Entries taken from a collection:
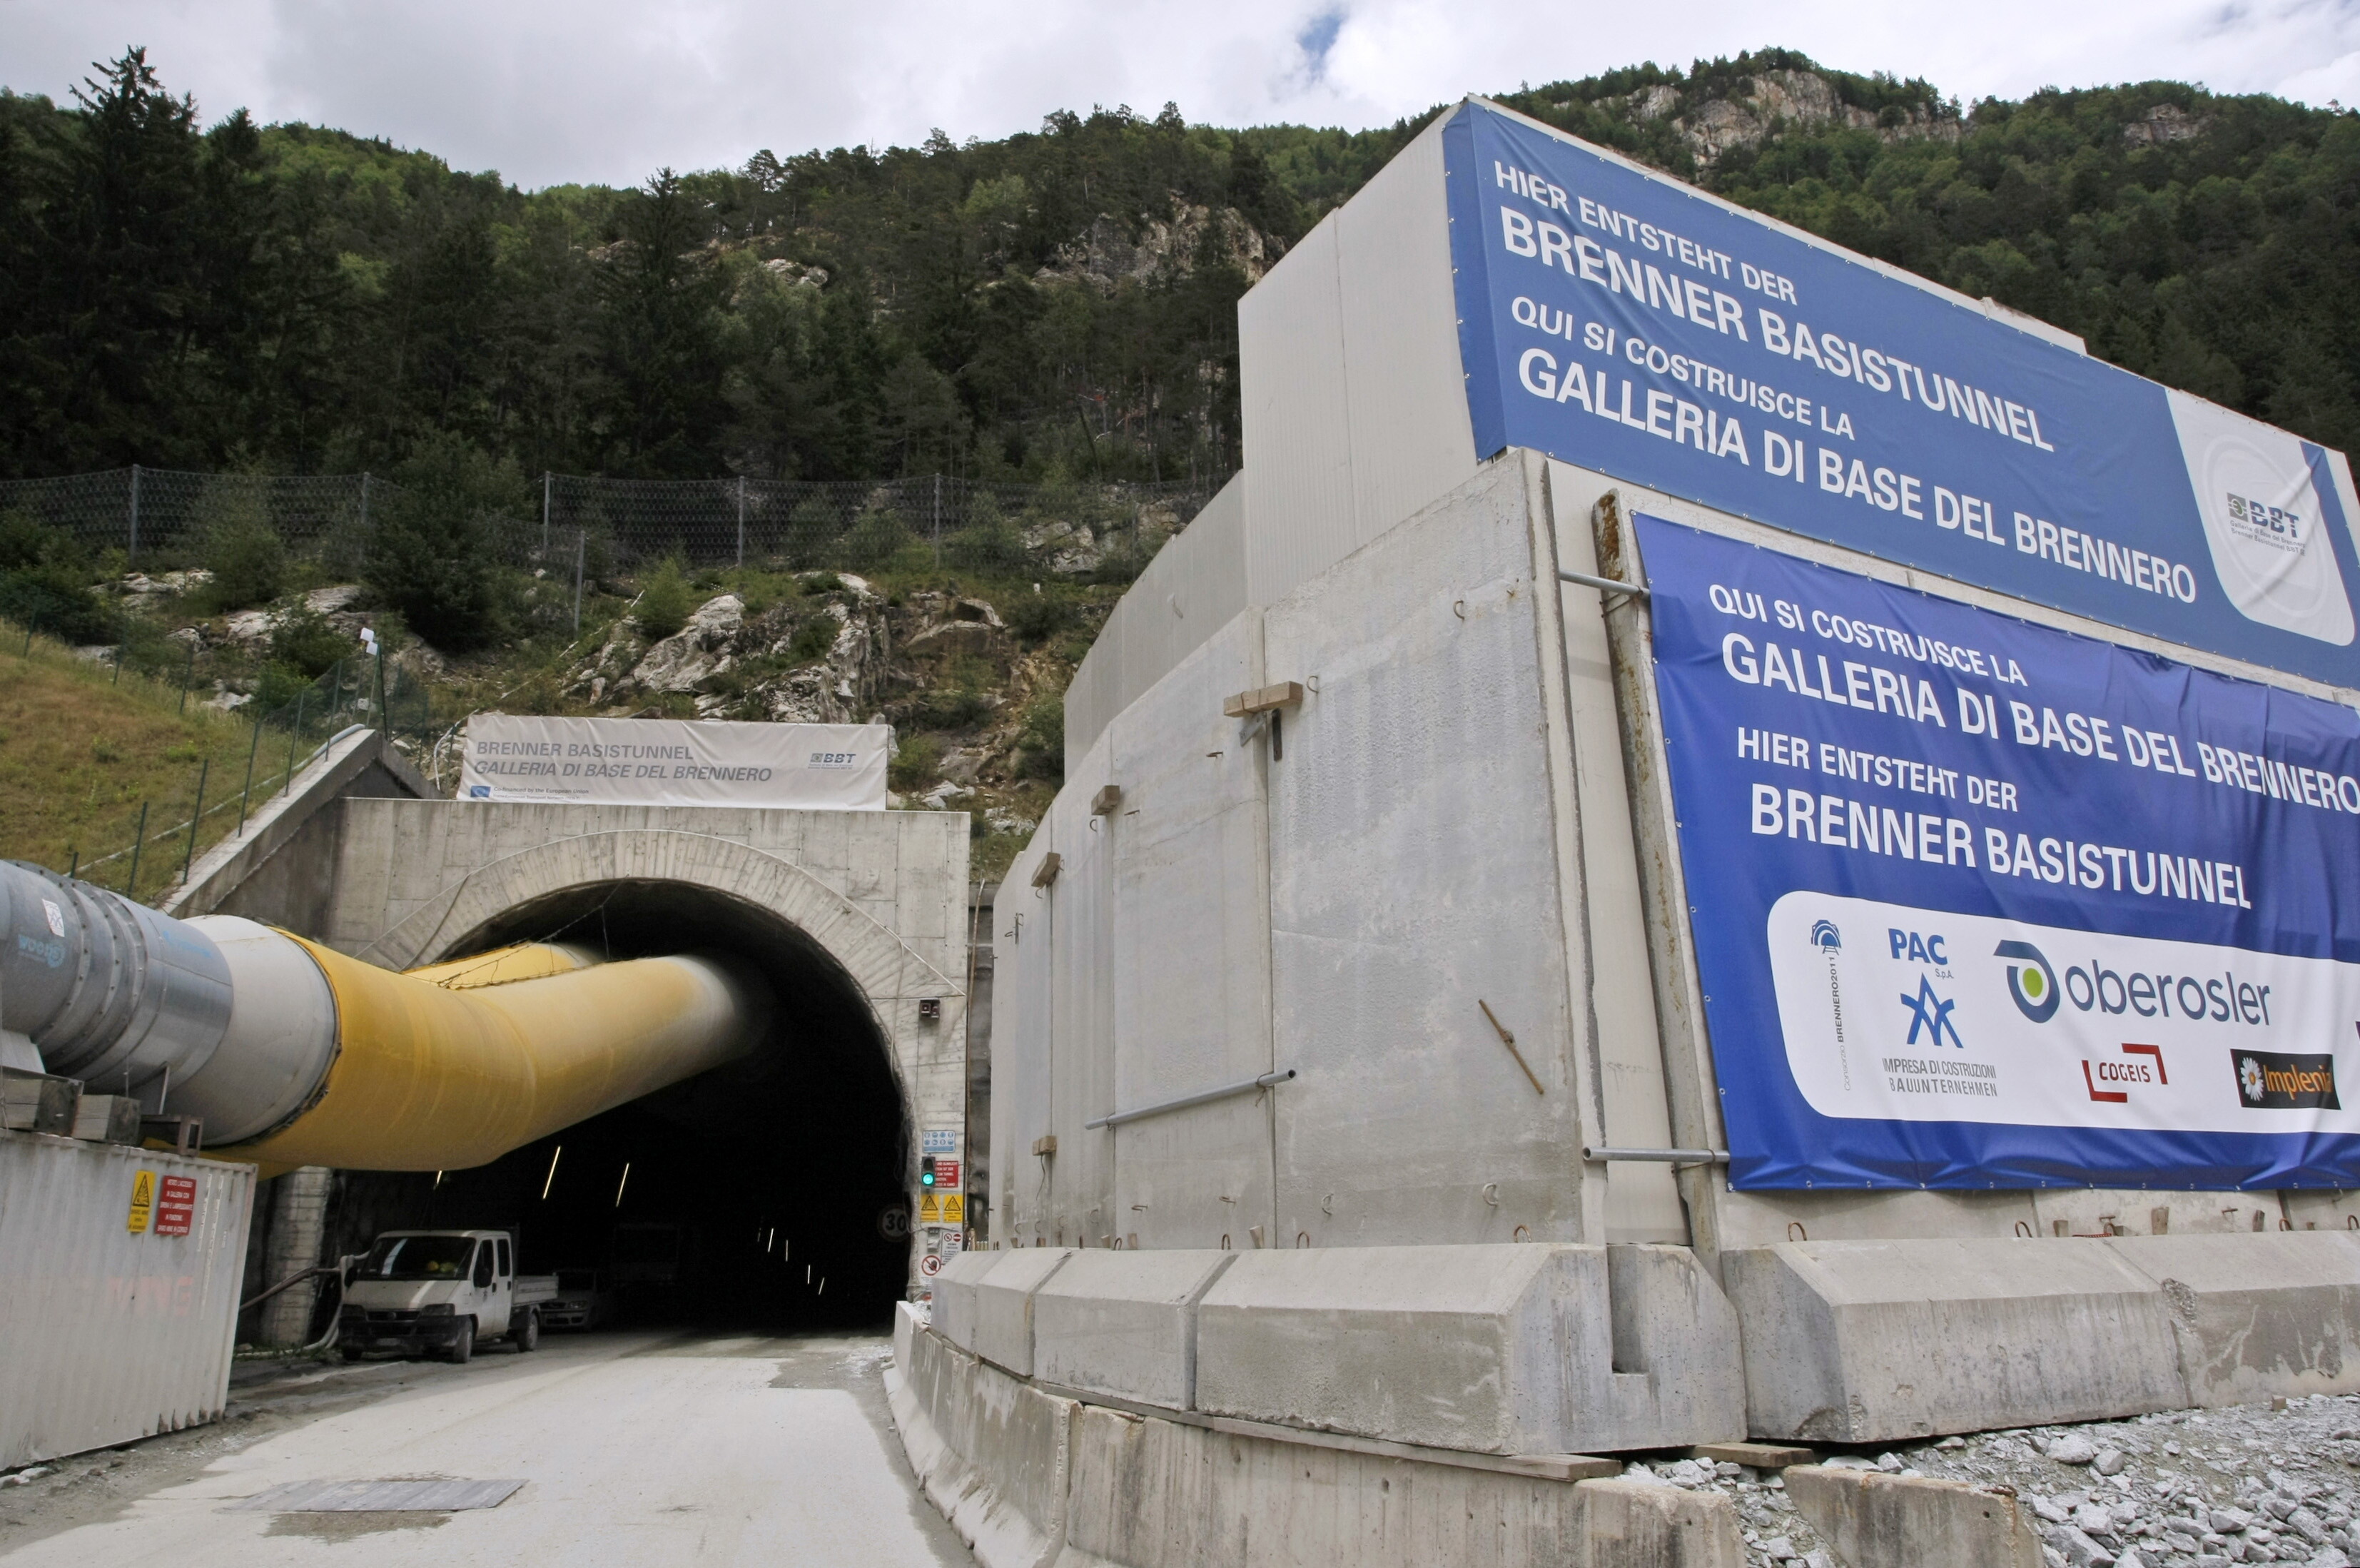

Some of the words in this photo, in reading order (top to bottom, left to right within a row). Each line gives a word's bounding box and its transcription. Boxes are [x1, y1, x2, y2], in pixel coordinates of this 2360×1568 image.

[1494, 161, 1569, 214] HIER
[1579, 196, 1731, 279] ENTSTEHT
[1742, 263, 1797, 305] DER
[1501, 206, 1748, 341] BRENNER
[1759, 308, 2054, 452] BASISTUNNEL
[1511, 296, 1572, 340] QUI
[1584, 322, 1614, 355] SI
[1626, 338, 1811, 426] COSTRUISCE
[1822, 406, 1855, 440] LA
[1519, 348, 1748, 465] GALLERIA
[1764, 430, 1804, 482] DI
[1819, 447, 1921, 520] BASE
[1934, 485, 2005, 547] DEL
[2014, 512, 2196, 604] BRENNERO
[2249, 500, 2299, 538] BBT
[1710, 585, 1766, 619] QUI
[1776, 600, 1804, 631] SI
[1812, 613, 1988, 679] COSTRUISCE
[1994, 654, 2027, 687] LA
[1723, 632, 1945, 727] GALLERIA
[1960, 687, 1998, 739] DI
[2016, 701, 2117, 762] BASE
[2124, 726, 2196, 778] DEL
[2200, 742, 2360, 814] BRENNERO
[474, 761, 557, 777] GALLERIA
[563, 763, 583, 777] DI
[584, 763, 632, 778] BASE
[636, 764, 668, 779] DEL
[672, 766, 771, 782] BRENNERO
[477, 742, 562, 757] BRENNER
[568, 744, 694, 760] BASISTUNNEL
[824, 754, 856, 763] BBT
[1738, 727, 1810, 772] HIER
[1821, 744, 1959, 799] ENTSTEHT
[1967, 774, 2017, 812] DER
[1751, 783, 1976, 869] BRENNER
[1987, 827, 2252, 909] BASISTUNNEL
[1888, 928, 1948, 965] PAC
[1935, 968, 1954, 979] S.p.A.
[2065, 959, 2271, 1026] oberosler
[1829, 956, 1844, 1043] BRENNERO2011
[1838, 1045, 1851, 1091] Consorzio
[1883, 1058, 1927, 1074] IMPRESA
[1929, 1060, 1940, 1074] DI
[1942, 1062, 1997, 1078] COSTRUZIONI
[1889, 1077, 1997, 1097] BAUUNTERNEHMEN
[2099, 1062, 2151, 1083] COGEIS
[886, 1213, 906, 1231] 30
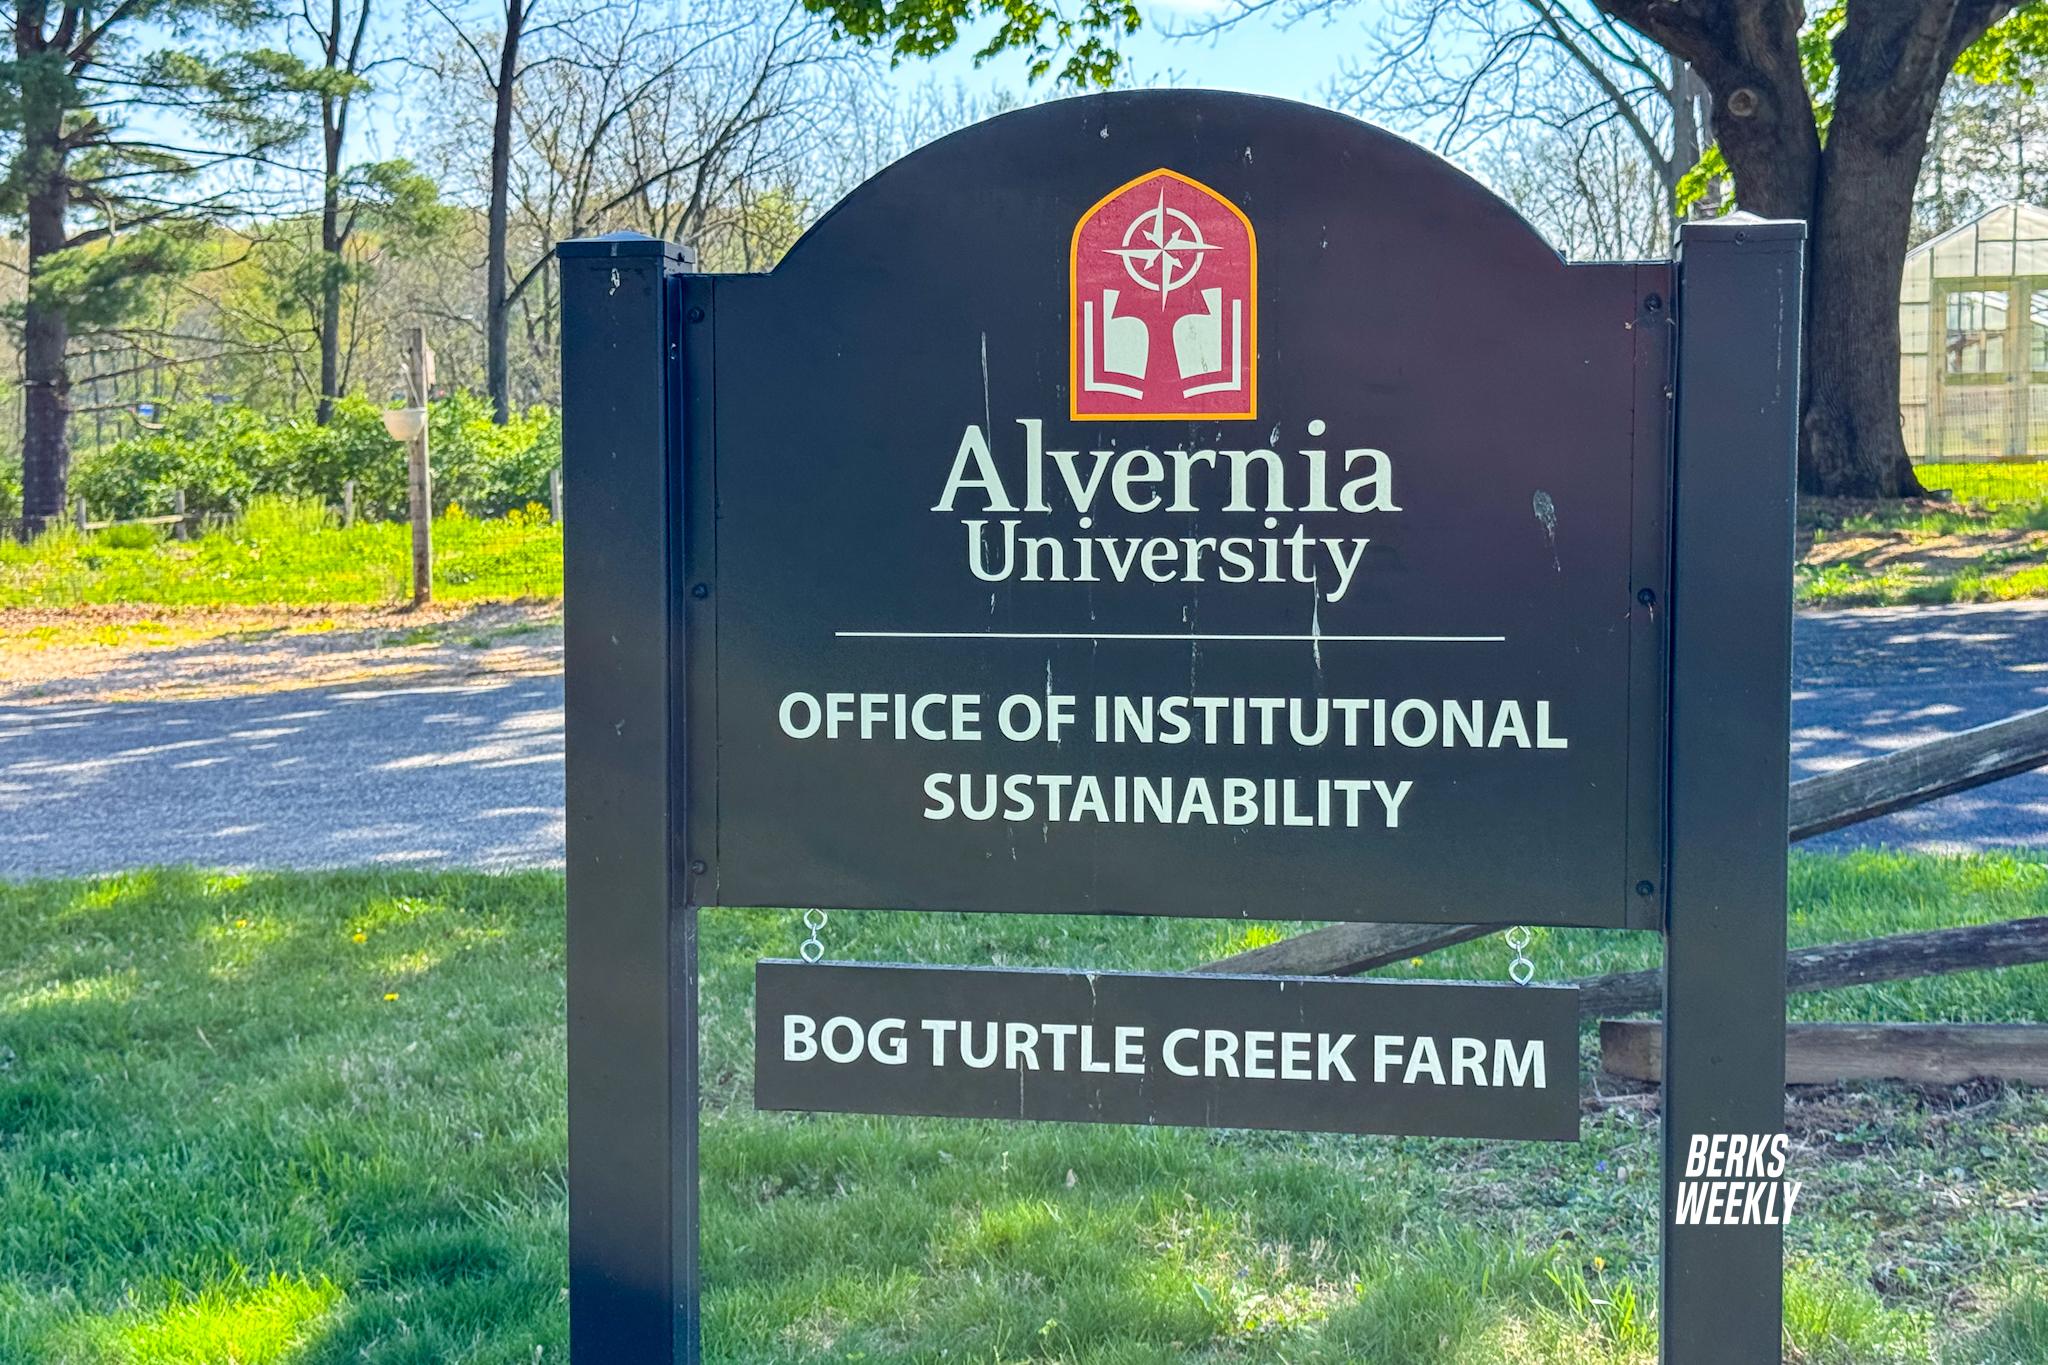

Exercise description: Output all of the data above exactly; no pictures should appear.

Written answer:
Some of the words in this photo, in reading order (top to bottom, left to right within a row). Each line gives a word's bounding box and its transcription. Boxes are [x1, y1, x2, y2], in pixel coordinates of this 2360×1568 image.

[1494, 161, 1569, 214] HIER
[1579, 196, 1731, 279] ENTSTEHT
[1742, 263, 1797, 305] DER
[1501, 206, 1748, 341] BRENNER
[1759, 308, 2054, 452] BASISTUNNEL
[1511, 296, 1572, 340] QUI
[1584, 322, 1614, 355] SI
[1626, 338, 1811, 426] COSTRUISCE
[1822, 406, 1855, 440] LA
[1519, 348, 1748, 465] GALLERIA
[1764, 430, 1804, 482] DI
[1819, 447, 1921, 520] BASE
[1934, 485, 2005, 547] DEL
[2014, 512, 2196, 604] BRENNERO
[2249, 500, 2299, 538] BBT
[1710, 585, 1766, 619] QUI
[1776, 600, 1804, 631] SI
[1812, 613, 1988, 679] COSTRUISCE
[1994, 654, 2027, 687] LA
[1723, 632, 1945, 727] GALLERIA
[1960, 687, 1998, 739] DI
[2016, 701, 2117, 762] BASE
[2124, 726, 2196, 778] DEL
[2200, 742, 2360, 814] BRENNERO
[474, 761, 557, 777] GALLERIA
[563, 763, 583, 777] DI
[584, 763, 632, 778] BASE
[636, 764, 668, 779] DEL
[672, 766, 771, 782] BRENNERO
[477, 742, 562, 757] BRENNER
[568, 744, 694, 760] BASISTUNNEL
[824, 754, 856, 763] BBT
[1738, 727, 1810, 772] HIER
[1821, 744, 1959, 799] ENTSTEHT
[1967, 774, 2017, 812] DER
[1751, 783, 1976, 869] BRENNER
[1987, 827, 2252, 909] BASISTUNNEL
[1888, 928, 1948, 965] PAC
[1935, 968, 1954, 979] S.p.A.
[2065, 959, 2271, 1026] oberosler
[1829, 956, 1844, 1043] BRENNERO2011
[1838, 1045, 1851, 1091] Consorzio
[1883, 1058, 1927, 1074] IMPRESA
[1929, 1060, 1940, 1074] DI
[1942, 1062, 1997, 1078] COSTRUZIONI
[1889, 1077, 1997, 1097] BAUUNTERNEHMEN
[2099, 1062, 2151, 1083] COGEIS
[886, 1213, 906, 1231] 30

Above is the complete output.